2017年 06月 30日
「光」ふたたび |
6月の最後の日は、いつもと少し違う感覚になります。
一年の半分が終わるんだという、感慨と焦り。 ちょうど半分の節目を意識するのですね。 いろいろあったと思う反面、時の経過の早さにうろたえる始末です。
梅雨の朝はどんよりとして、少し空気が重苦しいようでした。
湿った庭はさまざまな緑の葉を密生させて、光を反射するのですが、その美しさに、時折庭に佇んでしまうことがあります。 庭の光と影は、季節の気配を敏感に映しとって、私に見せてくれます。
今日、再び河瀬直美監督の「光」を観てきました。
10日ほど前、監督の事務所からのメールで、映画の上映後に5日間連続で、日替わりゲストとのトークイベントがあると連絡がありました。 最終日の今日、友人と2人で出かけることにしたのです。

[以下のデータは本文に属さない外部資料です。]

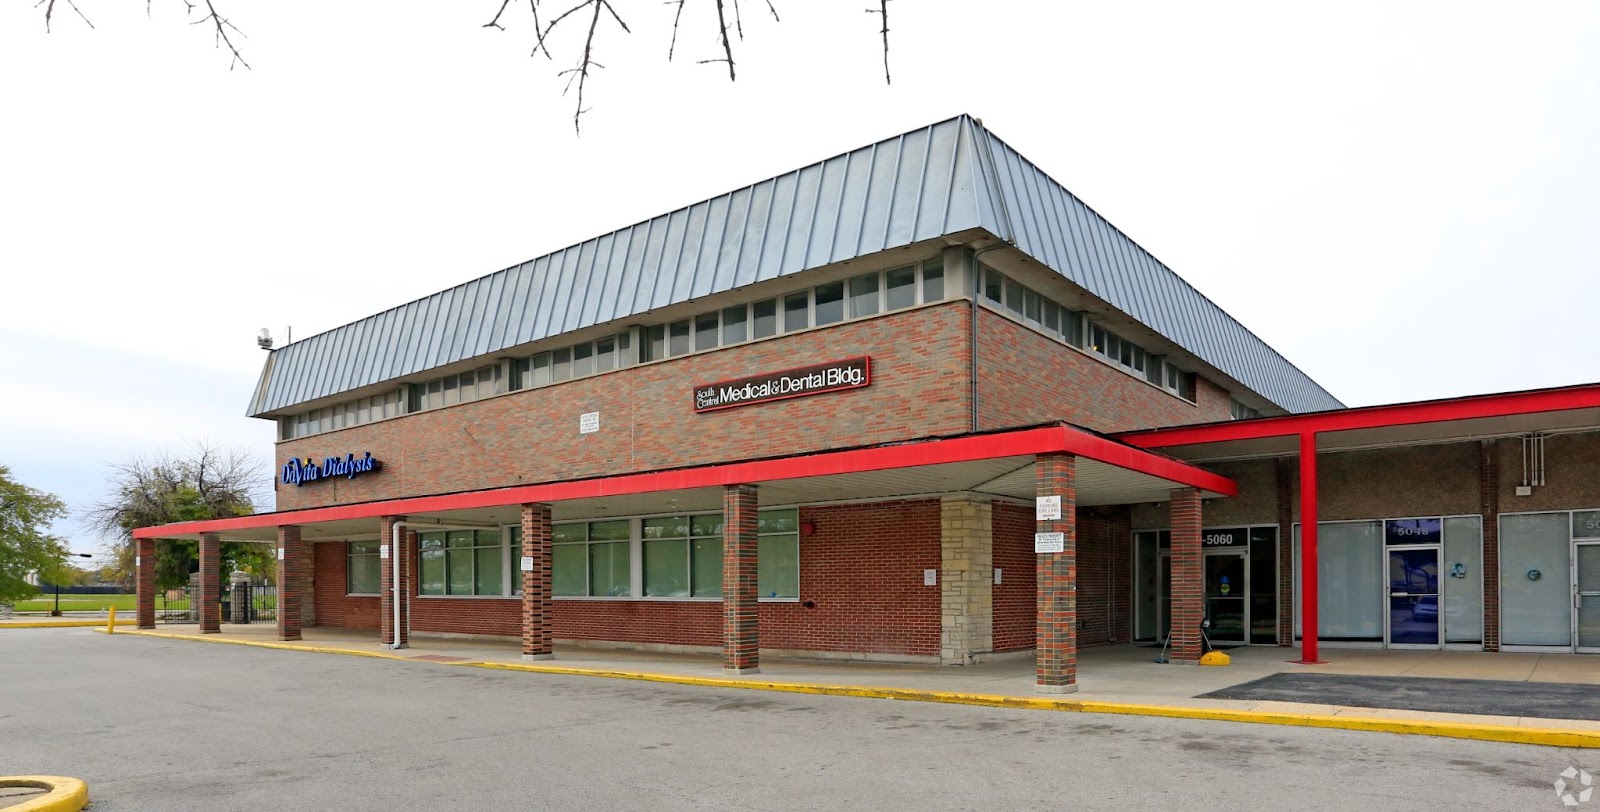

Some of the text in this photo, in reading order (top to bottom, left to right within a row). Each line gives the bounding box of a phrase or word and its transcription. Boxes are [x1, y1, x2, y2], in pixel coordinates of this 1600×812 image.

[720, 381, 771, 403] Medical
[780, 370, 826, 394] Dental
[828, 366, 865, 385] Bldg.
[696, 387, 715, 400] South
[696, 396, 720, 409] Central
[282, 452, 375, 486] DaVita Dialysis
[1397, 527, 1429, 536] 5048

二度目の鑑賞は、新たな気付きもいくつかありました。 この映画のスタッフとして関ったからではなく、より深い沈静と愛情が湧くのが感じられました。
今日のトークゲストは、宗教家の山折哲男さんでした。 視覚と聴覚のもたらす相関関係と神の在処、光と闇の深層を、山折さんの静かな語り口で語られ、私の心に深く染み入りました。

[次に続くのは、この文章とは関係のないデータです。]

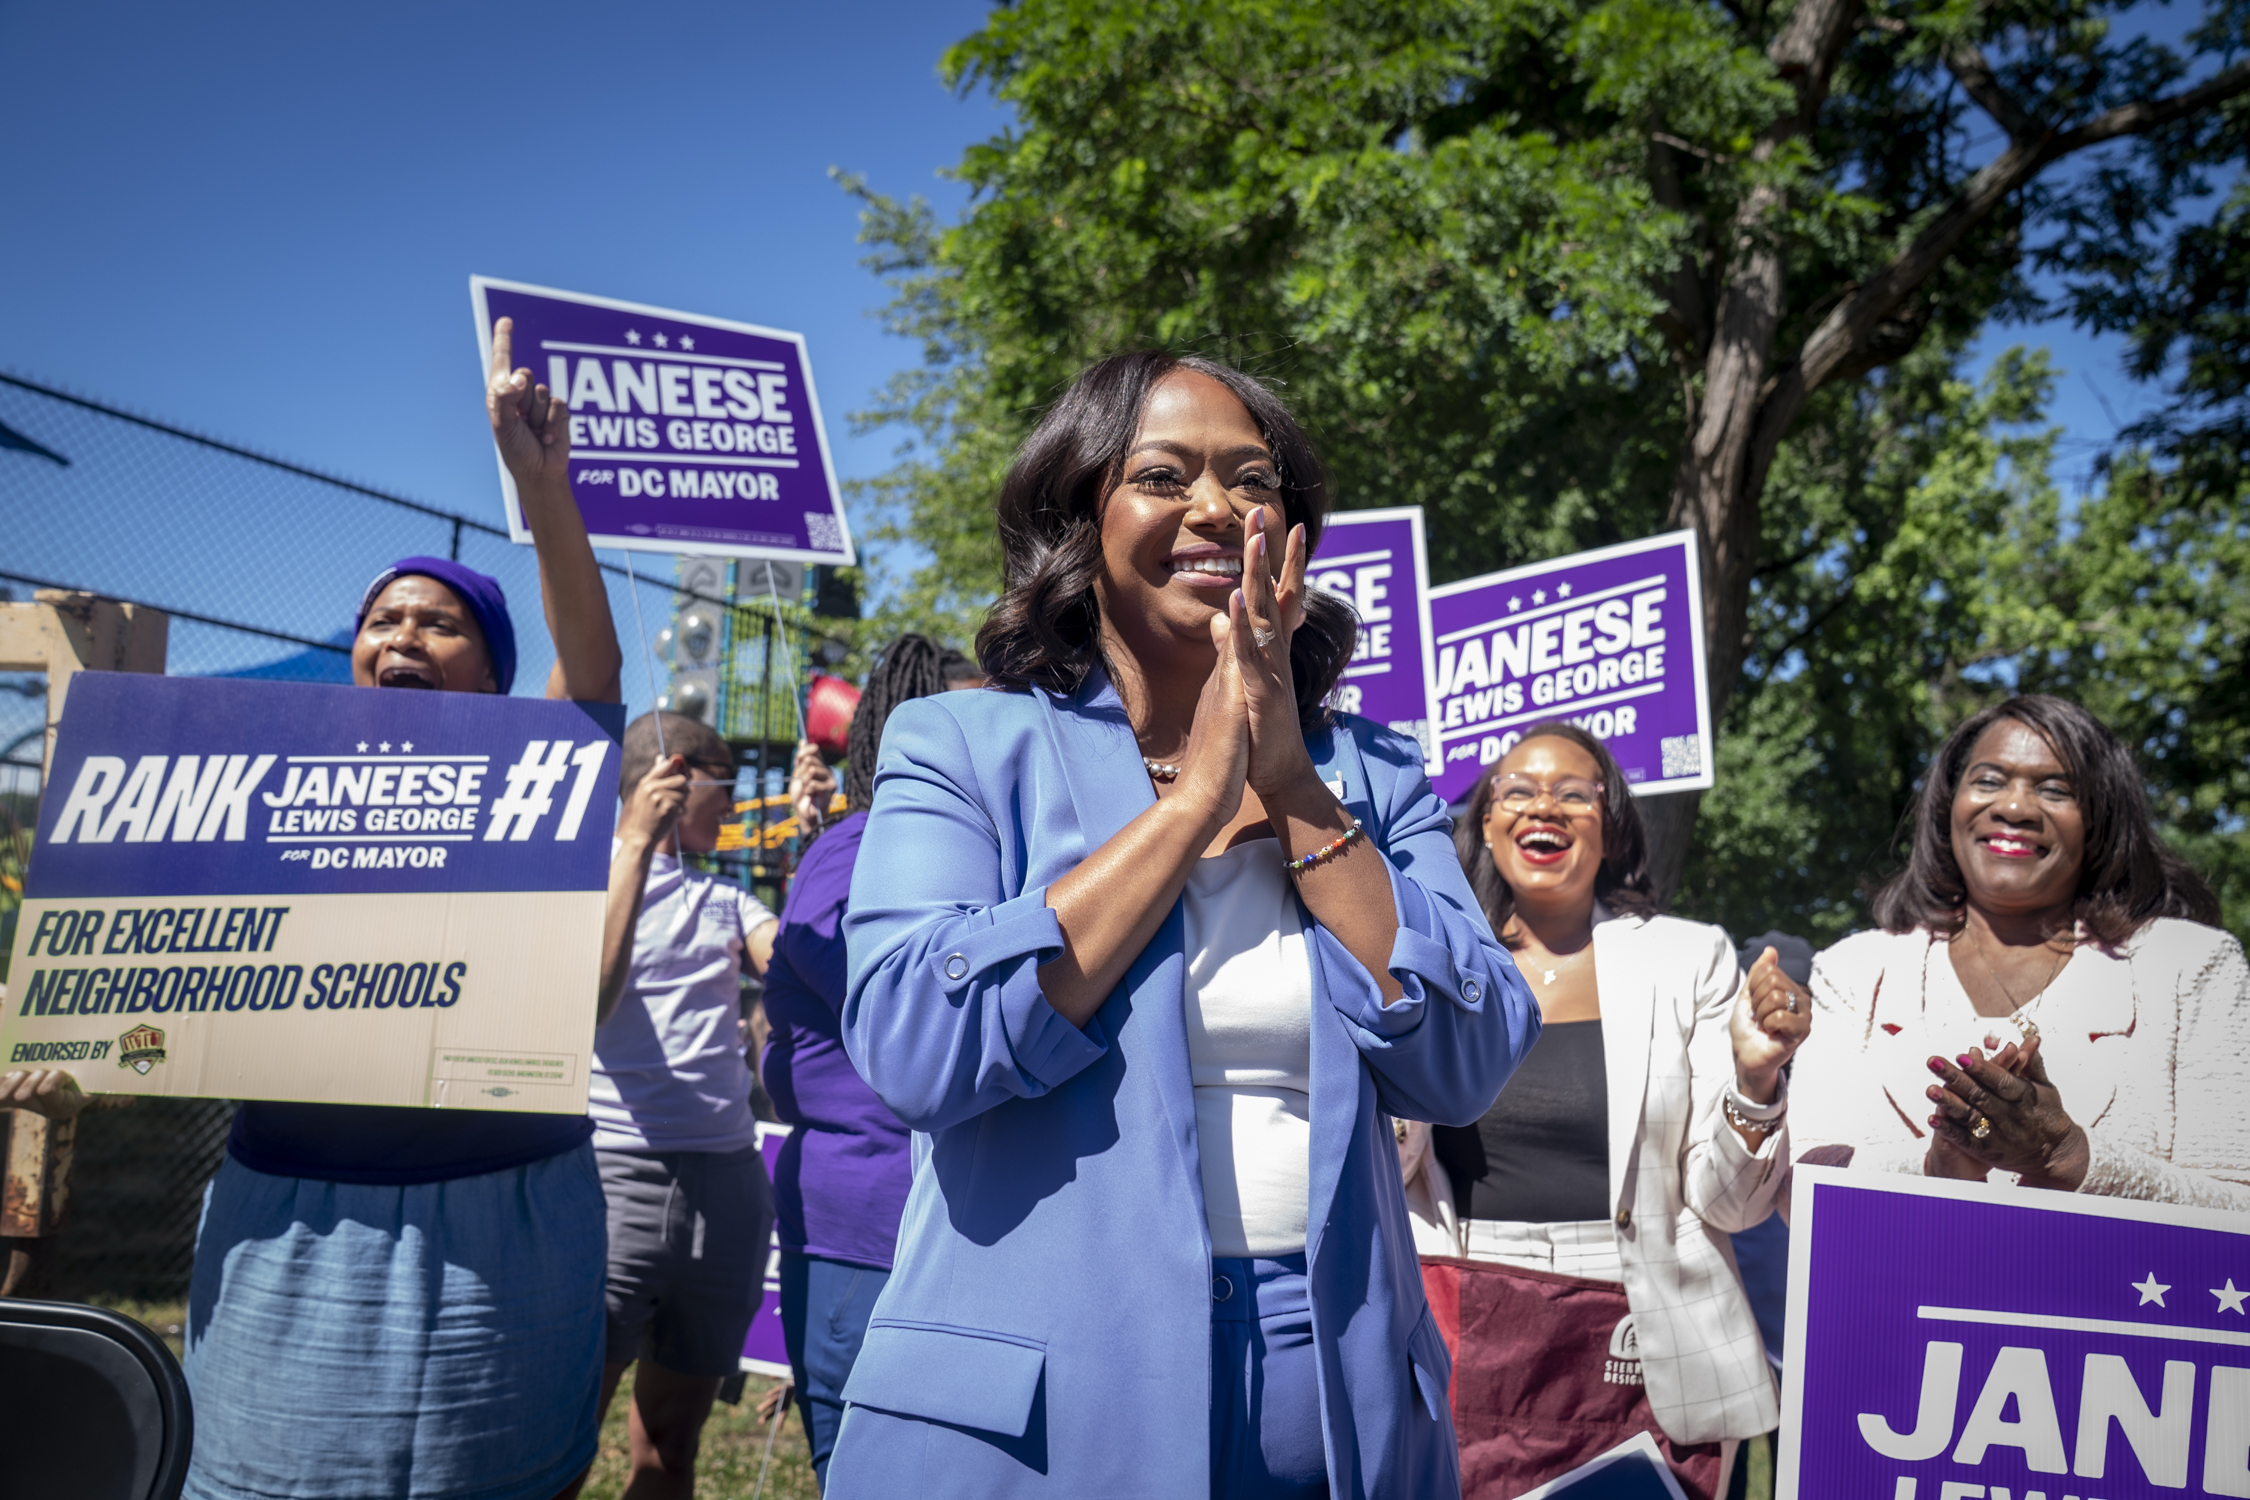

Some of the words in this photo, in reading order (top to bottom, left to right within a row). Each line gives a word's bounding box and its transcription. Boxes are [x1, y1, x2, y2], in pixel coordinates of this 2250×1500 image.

[569, 415, 660, 448] EWIS
[666, 420, 798, 454] GEORGE
[576, 469, 615, 485] FOR
[618, 467, 666, 498] DC
[669, 469, 780, 500] MAYOR
[1436, 587, 1667, 700] JANEESE
[1531, 645, 1666, 706] GEORGE
[1446, 742, 1480, 763] FOR
[1526, 705, 1638, 741] YOR
[48, 754, 278, 844] RANK
[262, 764, 488, 808] JANEESE
[483, 740, 610, 842] #1
[268, 809, 357, 833] LEWIS
[364, 807, 479, 832] GEORGE
[280, 849, 311, 862] FOR
[310, 847, 349, 869] DC
[351, 846, 448, 869] MAYOR
[27, 909, 104, 957] FOR
[102, 907, 290, 955] EXCELLENT
[19, 964, 303, 1017] NEIGHBORHOOD
[304, 962, 468, 1010] SCHOOLS
[10, 1041, 91, 1063] ENDORSED
[90, 1040, 114, 1060] BY
[1603, 1371, 1644, 1386] DESIG
[1605, 1360, 1641, 1375] SIERR

そして、サプライズのゲストとして、主演の永瀬正敏さんが急遽奈良入りして参加して下さいました。 お客様は大喜び!
熱演のエピソードを楽しく語ってくれました。
手前味噌な披露をさせて下さい。
昨年秋に奈良で撮影された「光」ですが、私は食事作りのスタッフとして加わり、一ヶ月間のハードな仕事に従事していました。 映画の現場は、決して文化的ではなく、ひたすら体育会系のハードさです。

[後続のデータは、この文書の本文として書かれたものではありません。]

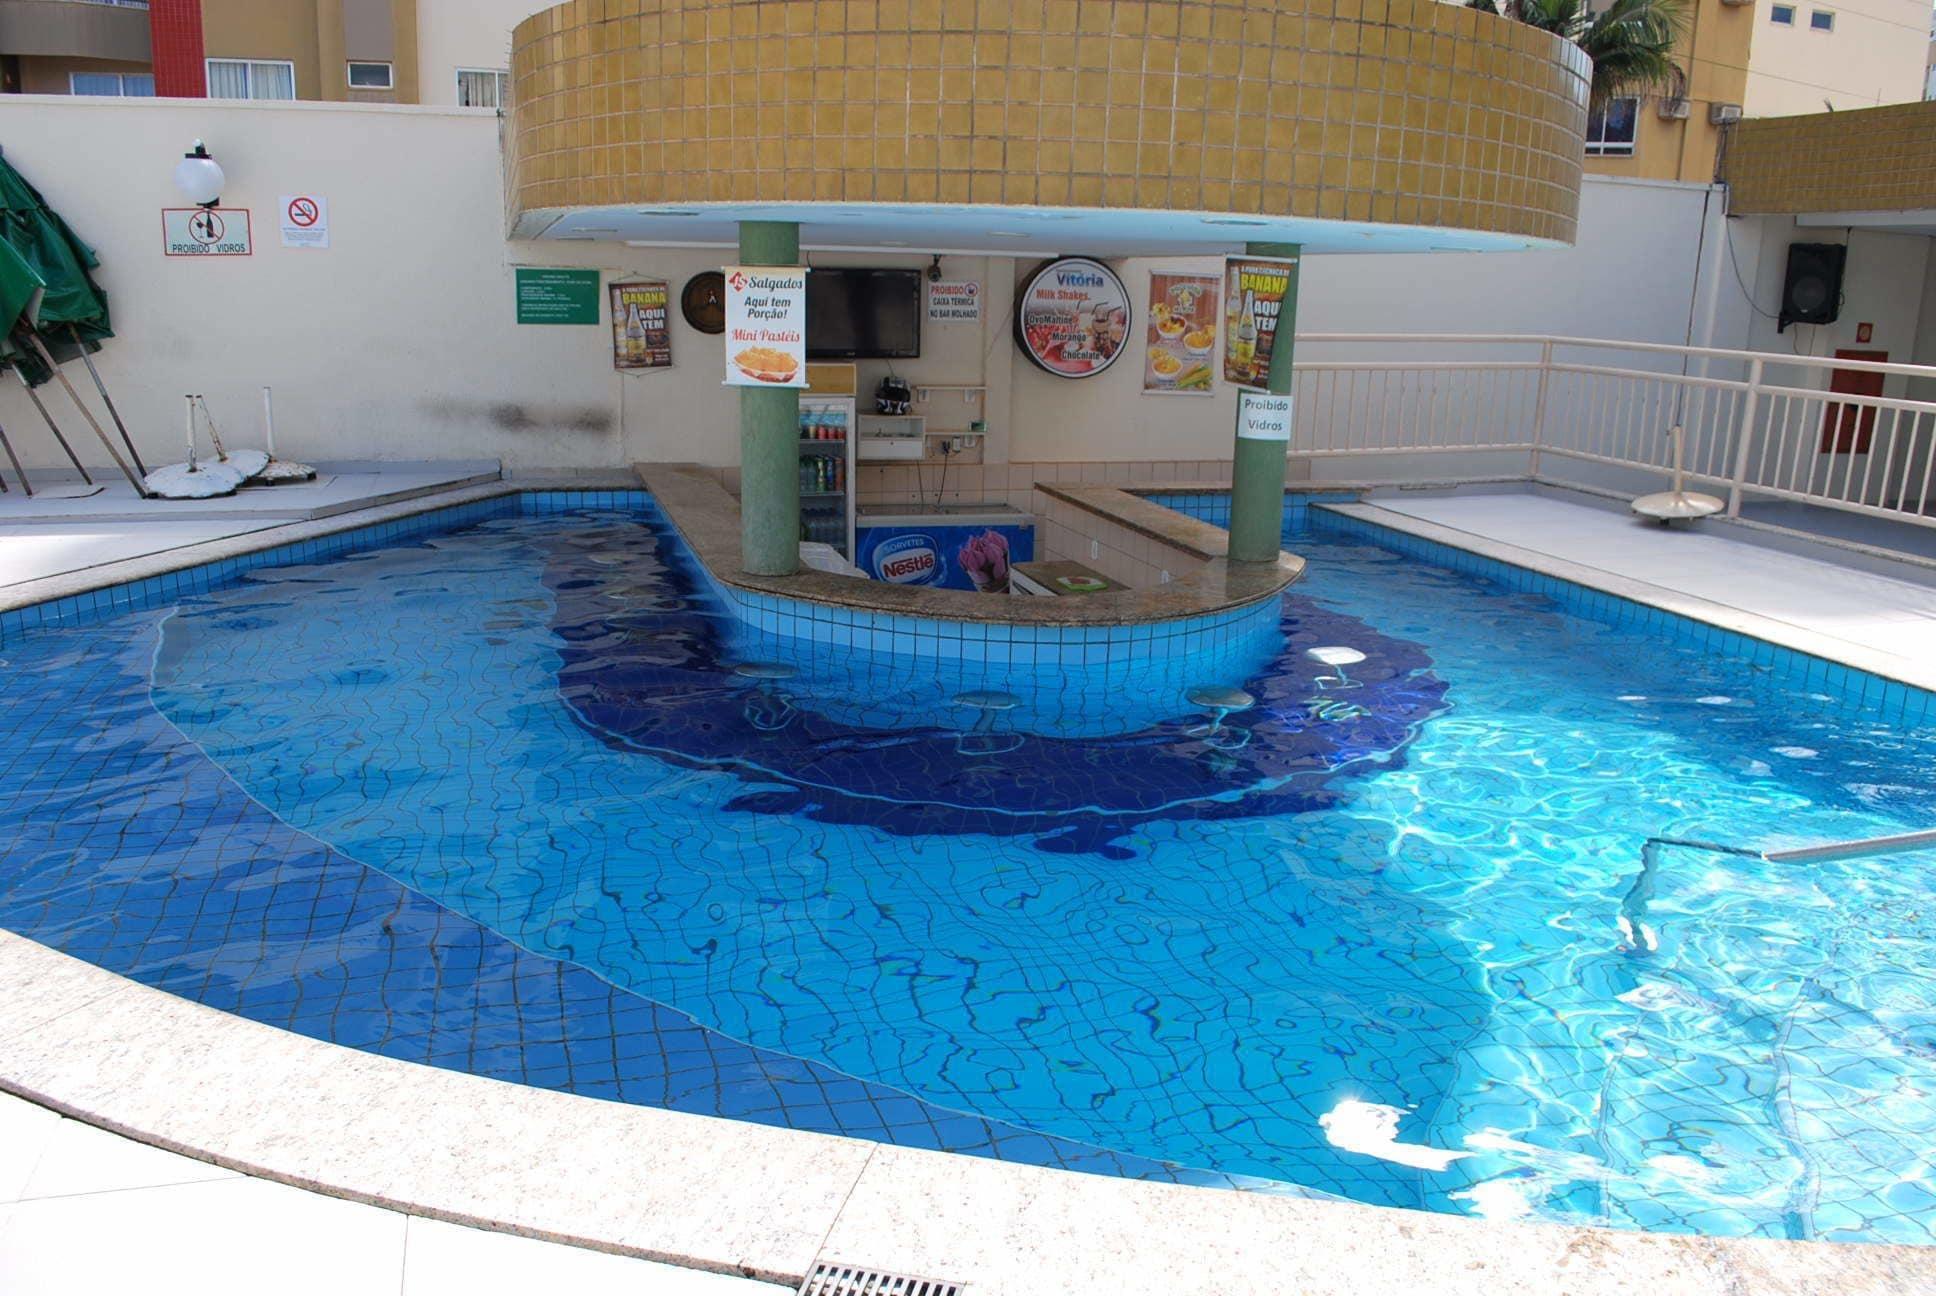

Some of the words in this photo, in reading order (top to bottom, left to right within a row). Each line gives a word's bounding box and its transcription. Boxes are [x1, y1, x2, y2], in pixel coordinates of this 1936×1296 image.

けれど、そんな中で食事の持つ重要さを充分認識し、誇りを持って取り組みましたので、こうしてエンドクレジットにきちんと名前を入れていただきました。
これはパンフレットのクレジットですが、映画の最後に流れるエンドロールに自分の名前が出てきますと、やはり感慨深いものがありました。
苦労が多かった分、歓びもひとしおです。上映とトークが終わってロビーに出ますと「泉さん!」と声がかかりました。
炊事班のボランティアに来てくれていたHYさんでした。 久しぶりの再会を歓び合い、こうして一編の映画を通じて繋がれたことに、無類の幸せを感じました。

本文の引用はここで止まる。